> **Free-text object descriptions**

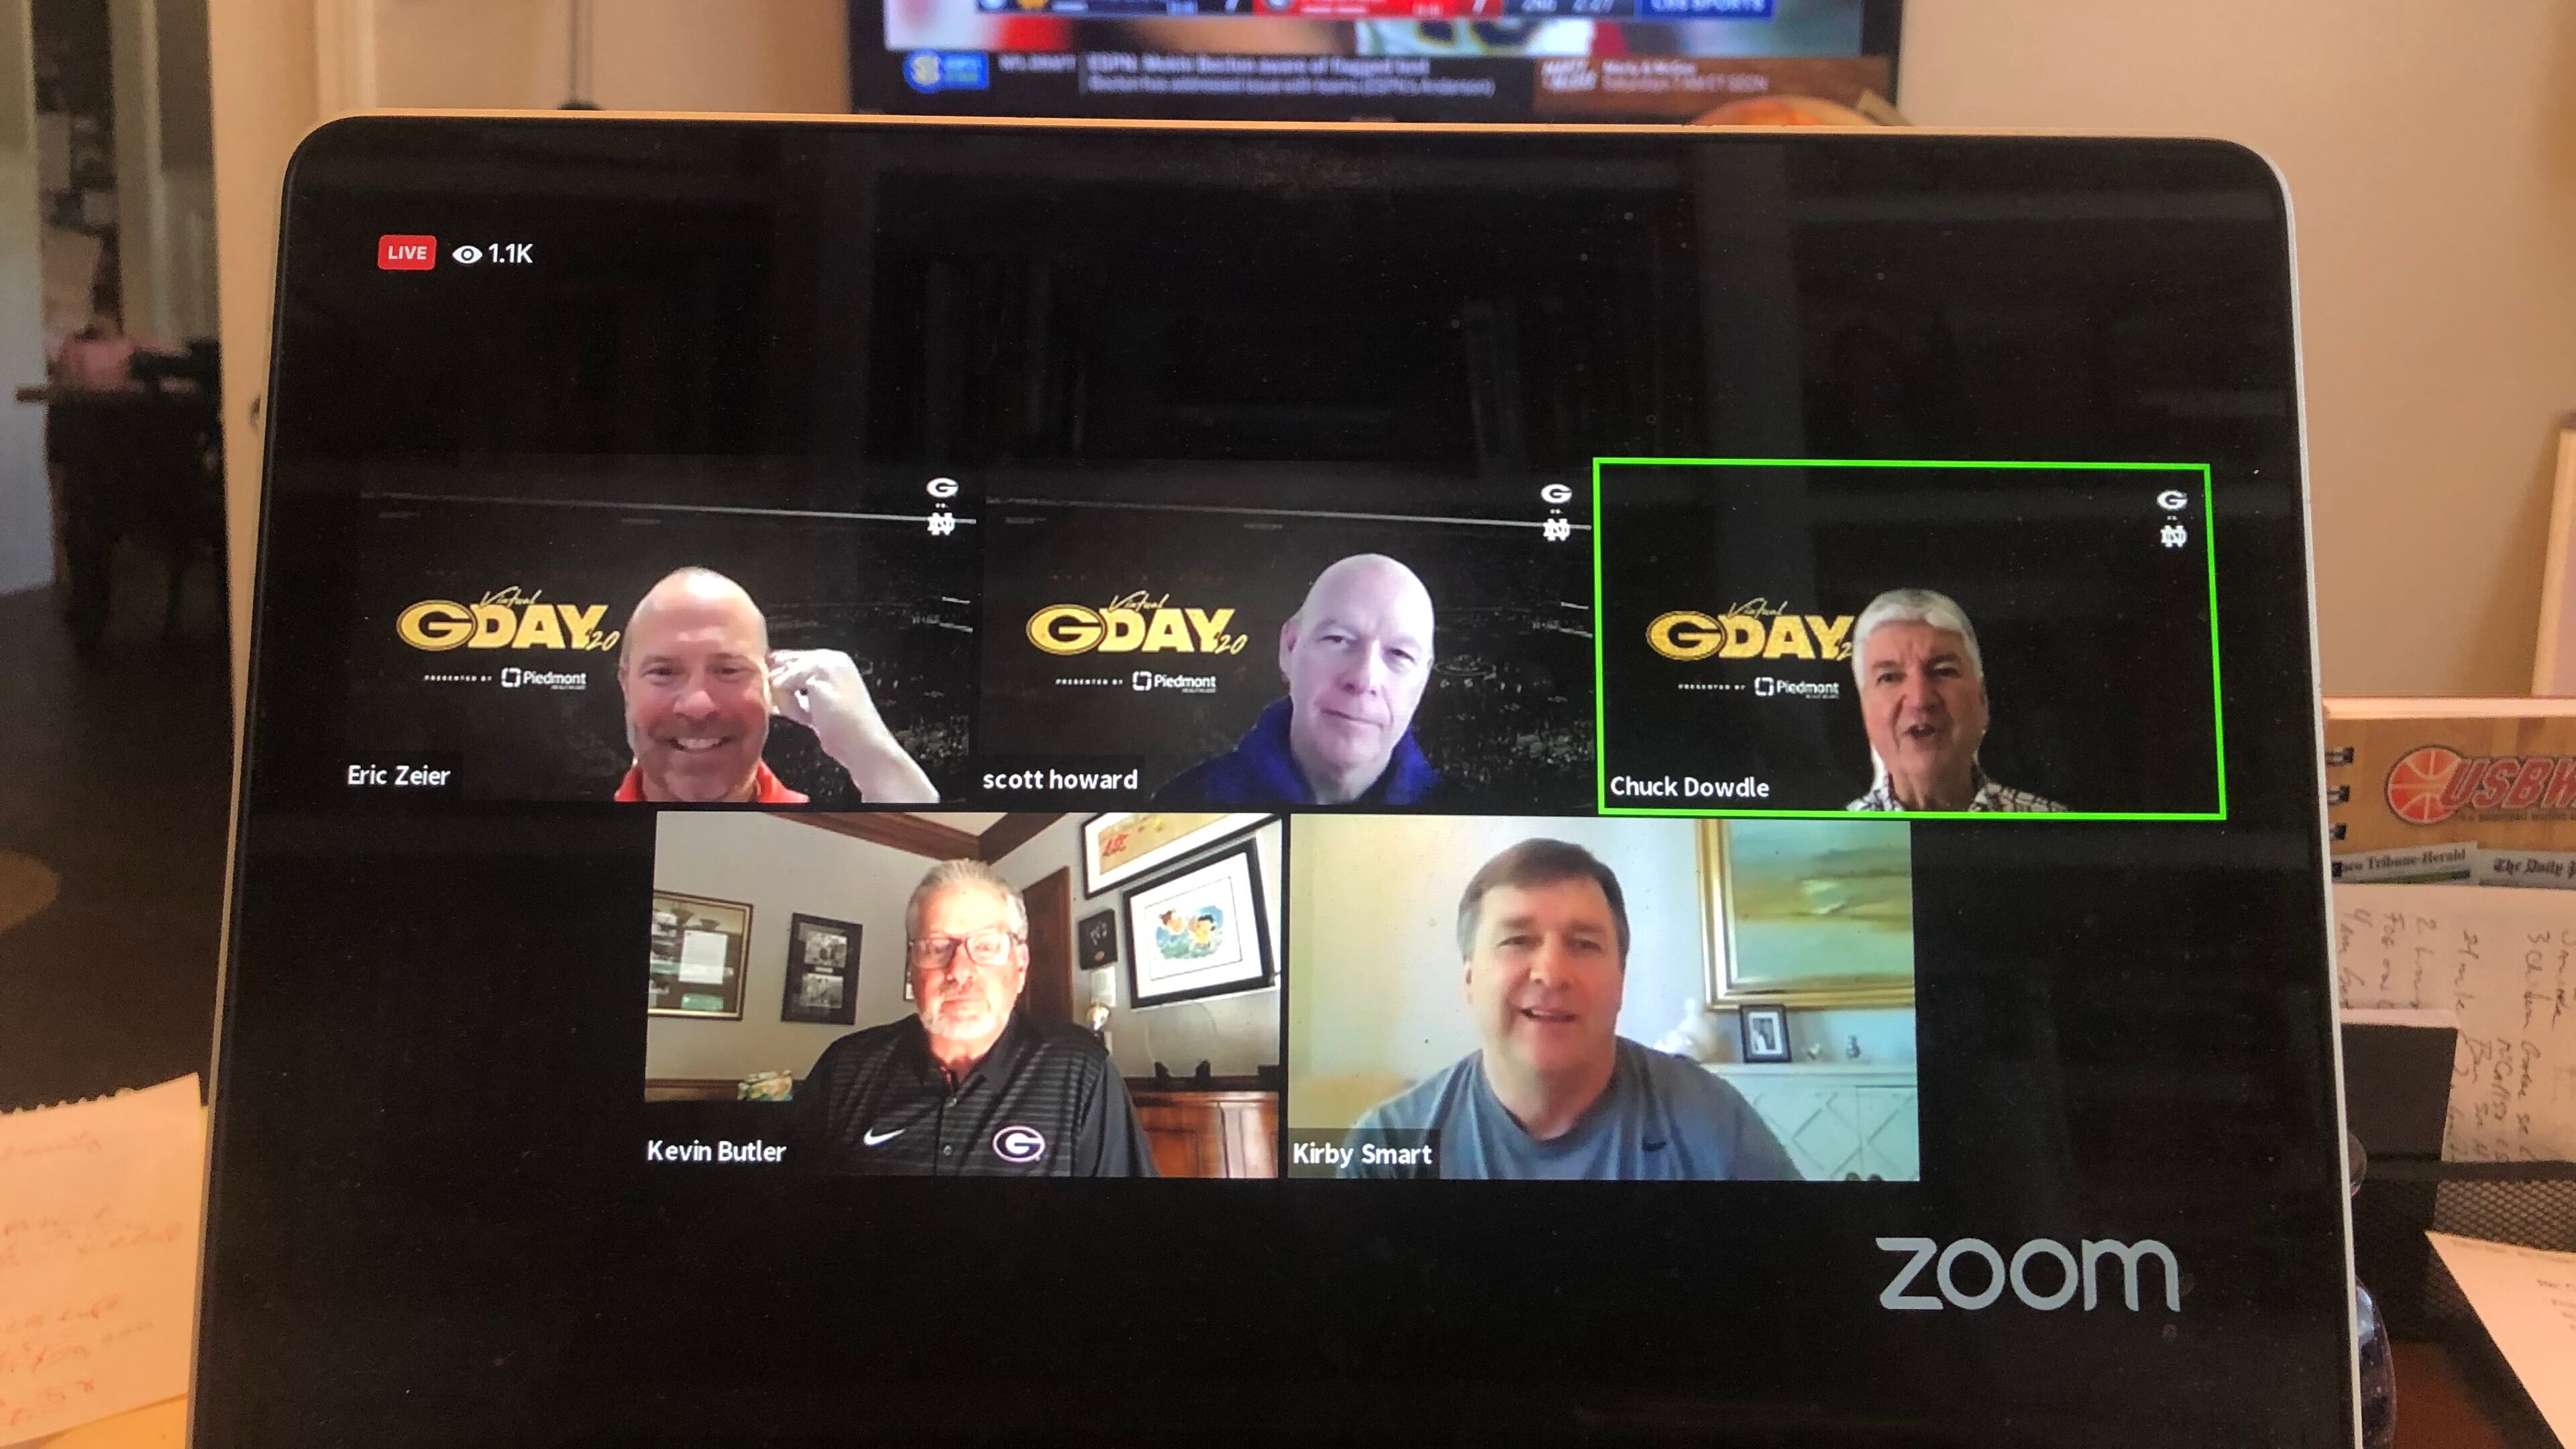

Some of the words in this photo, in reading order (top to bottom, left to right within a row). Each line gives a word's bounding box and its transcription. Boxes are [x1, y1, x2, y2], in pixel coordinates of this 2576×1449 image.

[388, 245, 428, 260] LIVE
[488, 244, 534, 264] 1.1K
[523, 670, 587, 685] Piedmont
[1153, 674, 1217, 688] Piedmont
[1776, 679, 1839, 694] Piedmont
[347, 763, 388, 785] Eric
[394, 764, 451, 786] Zeier
[982, 769, 1044, 790] scott
[1049, 768, 1138, 790] howard
[1610, 775, 1678, 797] Chuck
[1684, 775, 1770, 798] Dowdle
[647, 1138, 712, 1161] Kevin
[717, 1139, 788, 1162] Butler
[1293, 1142, 1354, 1169] Kirby
[1361, 1143, 1433, 1165] Smart
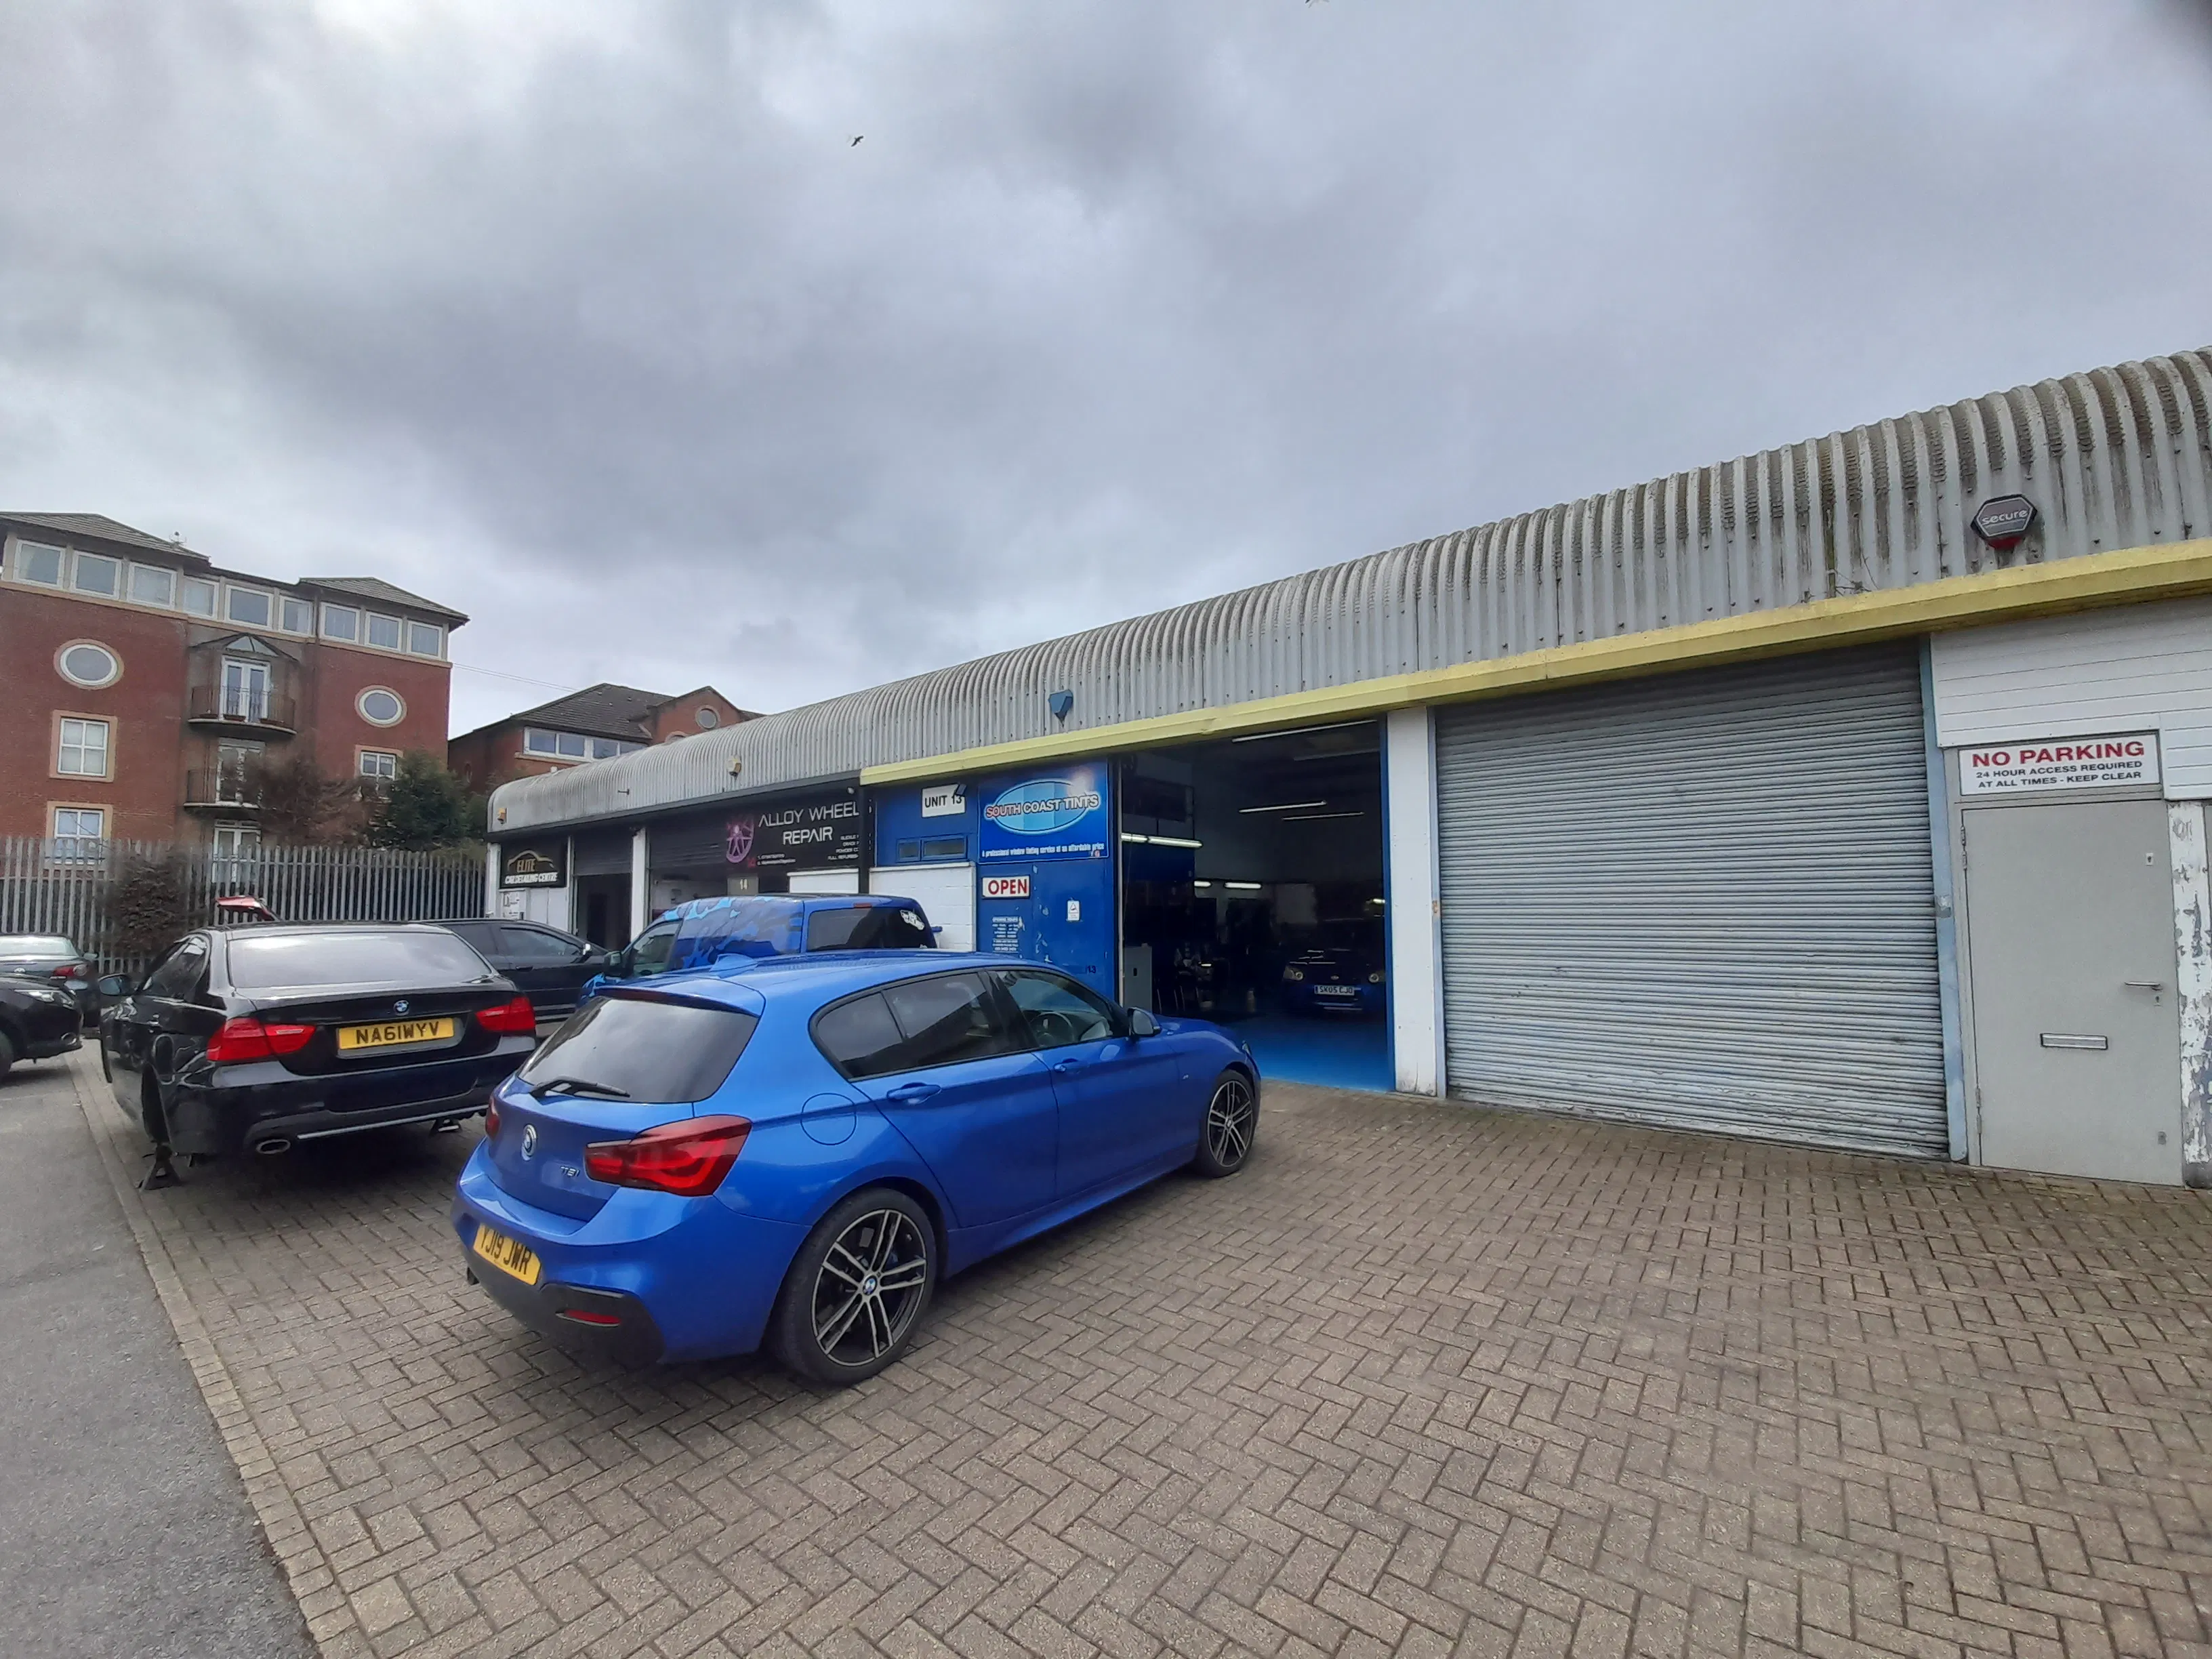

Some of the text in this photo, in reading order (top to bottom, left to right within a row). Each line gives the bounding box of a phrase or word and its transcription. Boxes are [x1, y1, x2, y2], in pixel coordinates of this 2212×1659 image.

[1982, 510, 2028, 526] secure
[1972, 741, 2145, 767] NO PARKING
[1993, 769, 2026, 777] HOUR
[2030, 766, 2077, 775] ACCESS
[2081, 760, 2143, 771] REQUIRED
[1996, 779, 2018, 787] ALL
[2021, 777, 2057, 785] TIMES
[2066, 775, 2098, 783] KEEP
[2102, 771, 2142, 780] CLEAR
[924, 795, 947, 808] UNIT
[986, 794, 1099, 818] SOUTH COAST TINTS
[758, 808, 804, 827] ALLOY
[783, 826, 833, 846] REPAIR
[987, 879, 1027, 895] OPEN
[503, 1240, 532, 1275] JWR
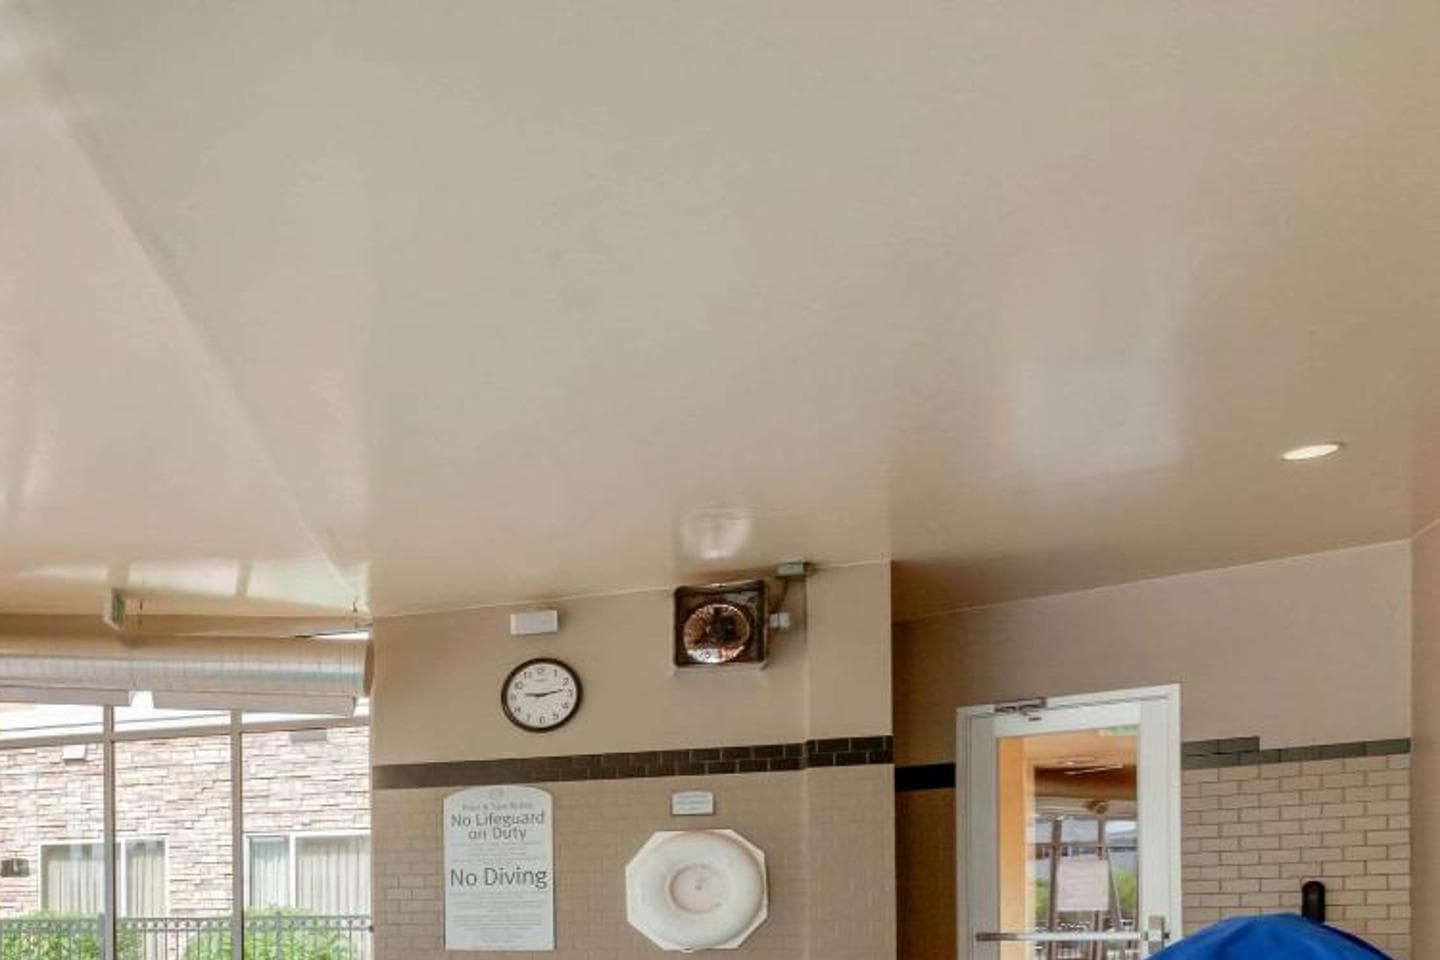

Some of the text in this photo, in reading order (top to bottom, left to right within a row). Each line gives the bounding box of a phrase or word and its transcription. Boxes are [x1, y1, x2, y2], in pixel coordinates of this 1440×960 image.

> **Your goal**
Give the data again exactly, without pictures.

> **Problem solution**
Some of the words in this photo, in reading order (top to bottom, left to right within a row). Each line gives a word's bounding box and its transcription. Boxes are [x1, y1, x2, y2], in pixel coordinates of this 2576×1449 image.

[388, 245, 428, 260] LIVE
[488, 244, 534, 264] 1.1K
[523, 670, 587, 685] Piedmont
[1153, 674, 1217, 688] Piedmont
[1776, 679, 1839, 694] Piedmont
[347, 763, 388, 785] Eric
[394, 764, 451, 786] Zeier
[982, 769, 1044, 790] scott
[1049, 768, 1138, 790] howard
[1610, 775, 1678, 797] Chuck
[1684, 775, 1770, 798] Dowdle
[647, 1138, 712, 1161] Kevin
[717, 1139, 788, 1162] Butler
[1293, 1142, 1354, 1169] Kirby
[1361, 1143, 1433, 1165] Smart

Some of the text in this photo, in reading order (top to bottom, left to right within a row). Each line gives the bounding box of a phrase or word and its transcription. Boxes are [x1, y1, x2, y2], in pixel coordinates of this 2212×1659 image.

[1982, 510, 2028, 526] secure
[1972, 741, 2145, 767] NO PARKING
[1993, 769, 2026, 777] HOUR
[2030, 766, 2077, 775] ACCESS
[2081, 760, 2143, 771] REQUIRED
[1996, 779, 2018, 787] ALL
[2021, 777, 2057, 785] TIMES
[2066, 775, 2098, 783] KEEP
[2102, 771, 2142, 780] CLEAR
[924, 795, 947, 808] UNIT
[986, 794, 1099, 818] SOUTH COAST TINTS
[758, 808, 804, 827] ALLOY
[783, 826, 833, 846] REPAIR
[987, 879, 1027, 895] OPEN
[503, 1240, 532, 1275] JWR

Some of the text in this photo, in reading order (top to bottom, left to right within a row). Each line gives the bounding box of a phrase or word and its transcription. Boxes are [x1, y1, x2, y2], in pixel coordinates of this 1440×960 image.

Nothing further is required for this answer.